On Fri, Jun 17, 2016 at 1:45 PM, Tom Lane <t...@sss.pgh.pa.us> wrote:
> I wrote:
>> Robert Haas <robertmh...@gmail.com> writes:
>>> I don't mind if you feel the need to refactor this.
>> I'm not sure yet.  What I think we need to work out first is exactly
>> how polymorphic parallel aggregates ought to identify which concrete
>> data types they are using.  There were well-defined rules before,
>> but how do we adapt those to two levels of aggregate evaluation?
> After reviewing things a bit, it seems like the first design-level issue
> there is what about polymorphic combine functions.  So far as the type
> system is concerned, there's no issue: the declared signature is always
> going to be "combine(foo, foo) returns foo" and it doesn't matter whether
> foo is an ordinary type, a polymorphic one, or INTERNAL.  The other
> question is whether the function itself knows what it's operating on in
> the current invocation.  For regular polymorphic types this seems no
> different from any other usage.  If the transtype is INTERNAL, then the
> type system provides no help; but we could reasonably assume that the
> internal representation itself contains as much information as the combine
> func needs.  We could add extra arguments like the "finalfunc_extra"
> option does for the finalfunc, but I don't really see a need --- that hack
> is mainly to satisfy the type system that the finalfunc's signature is
> sane, not to tell the finalfunc something it has no other way to find out.
> So I think we're probably OK as far as the combine function is concerned.


> The situation is much direr as far as serialize/deserialize are concerned.
> These basically don't work at all for polymorphic transtypes: if you try
> to declare "deserialize(bytea) returns anyarray", the type system won't
> let you.  Perhaps that's not an issue because you shouldn't really need
> serialize/deserialize for anything except INTERNAL transtype.

In fact, I think that it won't even let you declare a serialize or
deserialize function for anything other than an INTERNAL transtype
right now.  There was a PostGIS use case that made it seem like we
might want to relax that, but currently I believe that's the law of
the land.

> However,
> there's a far bigger problem which is that "deserialize(bytea) returns
> internal" is a blatant security hole, which I see you ignored the defense
> against in opr_sanity.sql.  The claim in the comment there that it's okay
> if we check for aggregate context is a joke --- or haven't you heard that
> we allow users to create aggregates?  That's not nearly good enough to
> prevent unsafe usage of such functions.

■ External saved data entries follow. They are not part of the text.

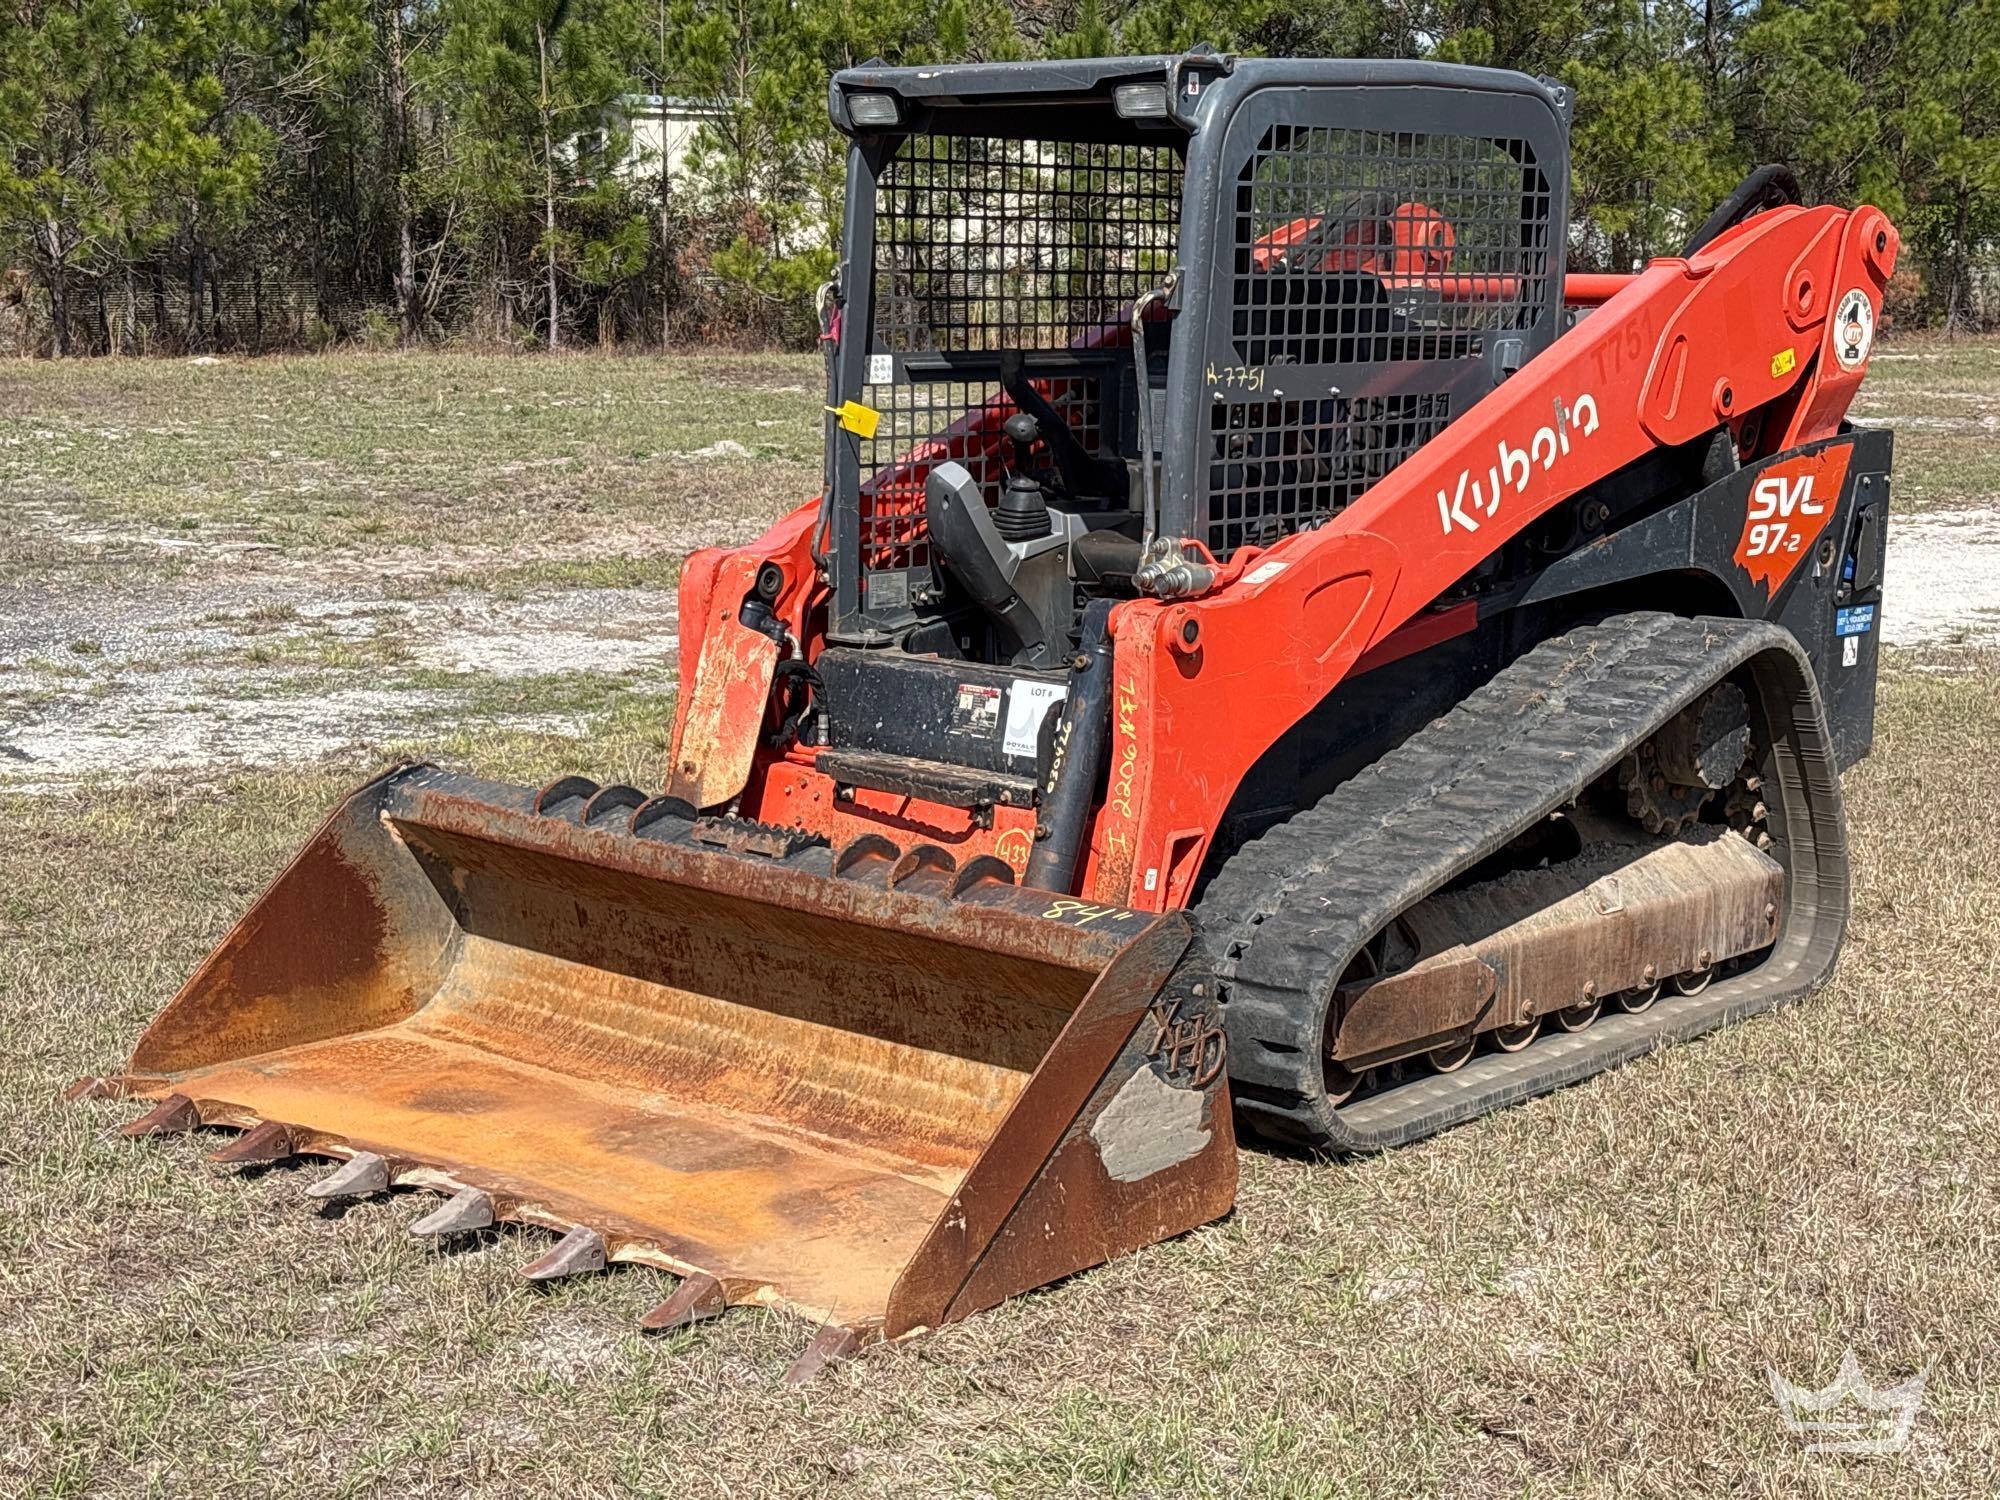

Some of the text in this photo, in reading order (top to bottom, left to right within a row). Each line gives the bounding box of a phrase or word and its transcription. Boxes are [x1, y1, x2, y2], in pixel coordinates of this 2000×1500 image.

[1206, 361, 1265, 392] K-7751
[1436, 394, 1600, 536] Kubota
[1748, 475, 1825, 521] SVL
[1030, 687, 1047, 697] LOT
[1000, 844, 1028, 864] 433

That may be true, but it isn't obvious to me.  The user can't simply
say SELECT numeric_avg_deserialize(...) or whatever because the
function won't execute when called that way.  How would you arrange to
call such a function in a context where it wouldn't fail outright but
would return a value that you could then hand to some other function
that expects a type-internal input?

> Not to mention that CREATE
> FUNCTION won't allow creation of such functions, so extensions are locked
> out of using this feature.


> This has to be redesigned or else reverted entirely.  I'm not going to
> take no for an answer.

Please don't act as if I've been refusing to fix bugs.  I've been
doing practically nothing else.

> A possible solution is to give deserialize an extra dummy argument, along
> the lines of "deserialize(bytea, internal) returns internal", thereby
> ensuring it can't be called in any non-system-originated contexts.

Seems promising.

> This
> is still rather dangerous if the other argument is variable, as somebody
> might be able to abuse an internal-taking function by naming it as the
> deserialize function for a maliciously-designed aggregate.

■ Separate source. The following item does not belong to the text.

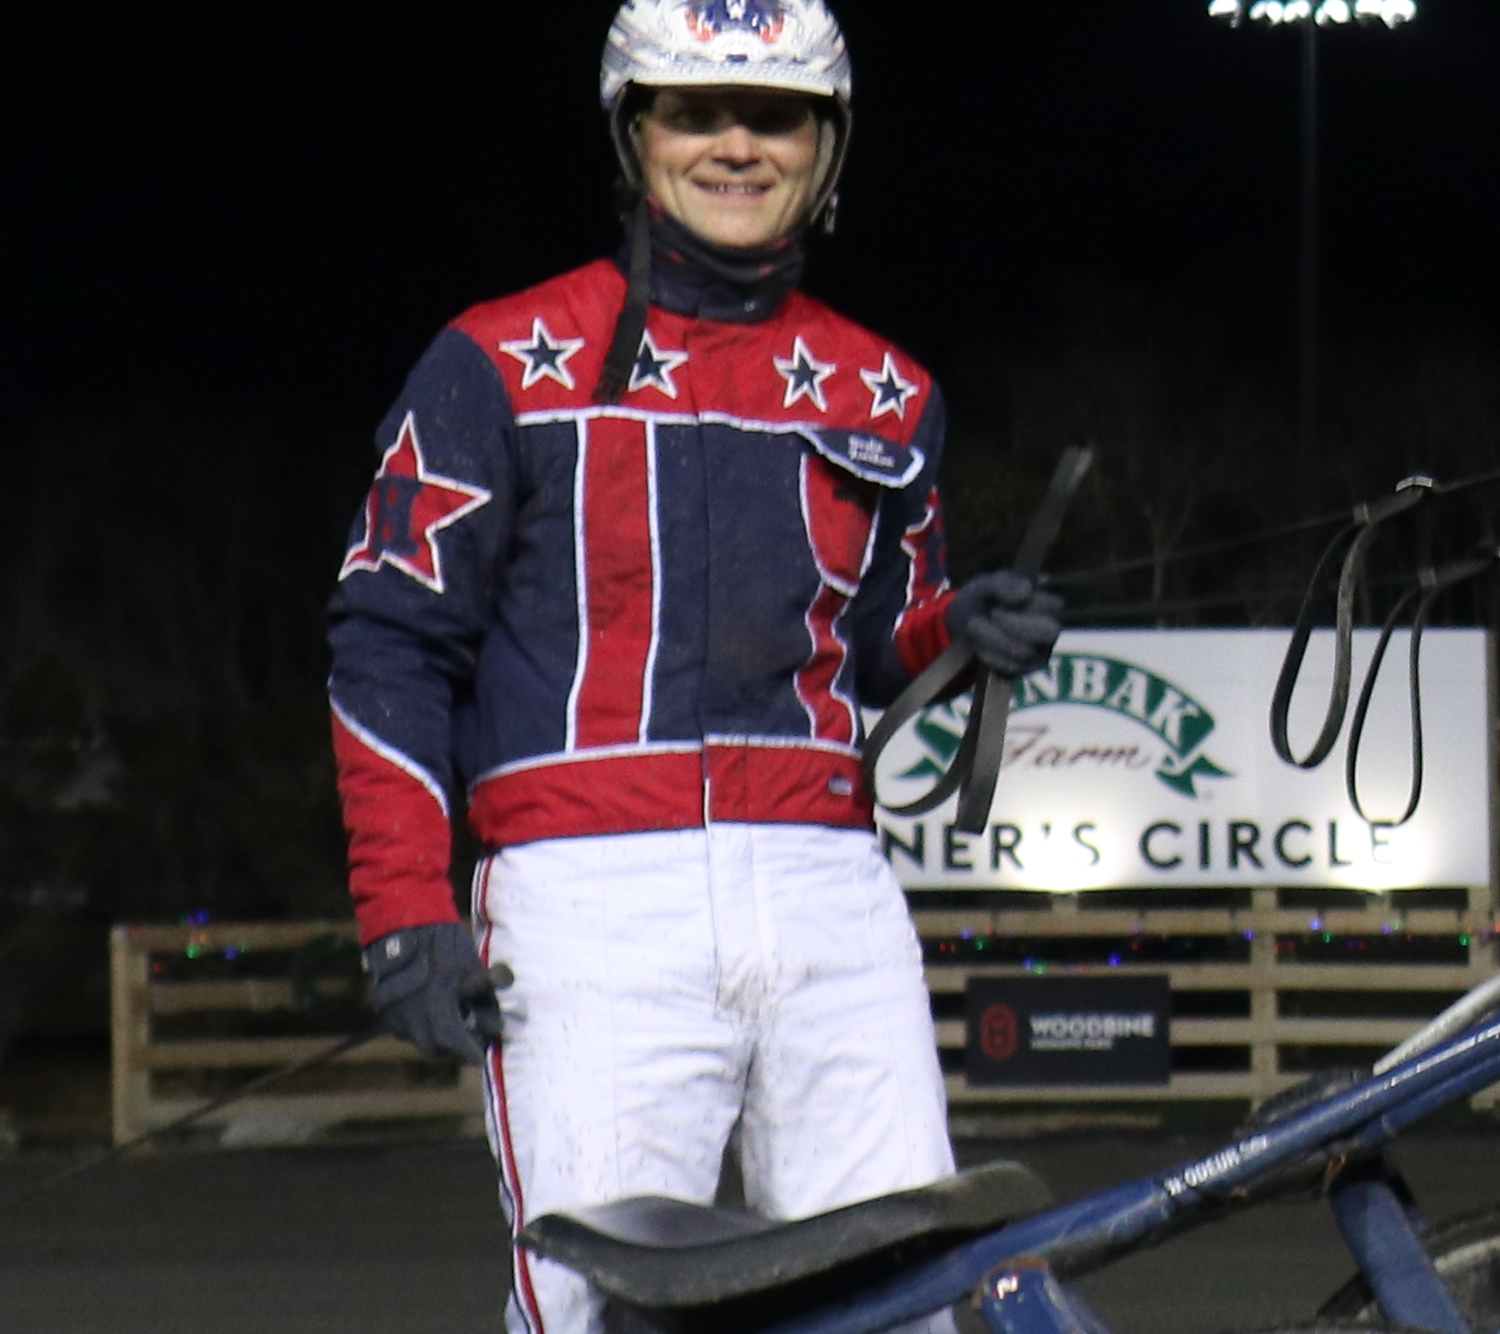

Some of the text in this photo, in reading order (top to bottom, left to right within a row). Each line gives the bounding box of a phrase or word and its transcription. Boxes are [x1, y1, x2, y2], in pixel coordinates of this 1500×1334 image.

[926, 658, 1200, 753] WNBAK
[1003, 724, 1150, 766] Farm
[1139, 821, 1396, 870] CIRCLE

The complex and, as far as I can tell, largely undocumented set of
rules about what sorts of internal-taking-and-returning functions we
allow to exist strikes me as a house of cards just waiting for the
next stiff breeze to come along.

> What I'm
> inclined to do to lock it down further is to drop the "serialtype"
> argument to CREATE AGGREGATE, which seems rather pointless (what else
> would you ever use besides bytea?).  Instead, insist that
> serialize/deserialize apply *only* when the transtype is INTERNAL, and
> their signatures are exactly "serialize(internal) returns bytea" and
> "deserialize(bytea, internal) returns internal", never anything else.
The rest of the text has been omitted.